A federal government completely controlled by Pelosi, Reid, and Obama can't change the laws of physics, but it damned sure can and will change the tax code, and it damned sure can — and here's Obama's promise that it will — tax and fine entire industries into bankruptcy. Obama thinks doing that to the coal and nuclear energy industries — as based on what he perceives to be the inadequacies of their very current best technologies — would be a good thing in the "long term." The problem is, friends and neighbors, that our economy can't survive the shocks on the "front end" that Obama admits his program will guarantee.

This, gentle readers, is madness masquerading as policy. This is a millimeter-thin patina of "reasonableness," achieved only by lawyerly word games, and it's being used to disguise a plan to radically transform our entire economy as part of some enviro-utopian pipe-dream.

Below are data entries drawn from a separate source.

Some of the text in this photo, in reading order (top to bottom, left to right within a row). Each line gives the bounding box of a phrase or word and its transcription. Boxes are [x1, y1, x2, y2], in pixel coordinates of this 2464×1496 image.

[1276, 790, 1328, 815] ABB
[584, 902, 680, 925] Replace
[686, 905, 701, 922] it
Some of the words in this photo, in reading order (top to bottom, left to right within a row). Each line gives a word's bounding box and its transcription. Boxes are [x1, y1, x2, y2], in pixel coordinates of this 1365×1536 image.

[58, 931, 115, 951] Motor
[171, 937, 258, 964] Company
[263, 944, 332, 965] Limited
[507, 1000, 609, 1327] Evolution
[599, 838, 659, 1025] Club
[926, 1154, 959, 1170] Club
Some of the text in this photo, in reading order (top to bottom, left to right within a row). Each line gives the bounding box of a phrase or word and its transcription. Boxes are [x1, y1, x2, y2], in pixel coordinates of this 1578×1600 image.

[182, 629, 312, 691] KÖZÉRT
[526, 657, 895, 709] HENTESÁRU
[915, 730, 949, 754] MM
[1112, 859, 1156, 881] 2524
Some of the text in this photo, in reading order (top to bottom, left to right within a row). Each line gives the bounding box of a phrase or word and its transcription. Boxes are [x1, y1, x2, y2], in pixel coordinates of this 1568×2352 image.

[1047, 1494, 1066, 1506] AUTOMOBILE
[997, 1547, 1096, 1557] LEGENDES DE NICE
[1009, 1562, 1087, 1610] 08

Your very worst fears and nightmares about Barack Obama's policy ambitions are true. The only "dream" here has been the notion that Obama is any kind of moderate.


UPDATE (Sun Nov 2 @ 10:15 p.m. CST): Hugh has now posted an embedded video above which is the same as what I linked to earlier from Gateway Pundit. And apparently the story of this interview first broke in a post on Newsbusters, an update to which links this San Francisco Chronicle article, based on the interview, as proof that nobody at that most sanctimonious of mainstream media outlets bothered to notice the newsworthiness of, or otherwise bring any attention to, Obama's promise to bankrupt the coal industry as it currently exists.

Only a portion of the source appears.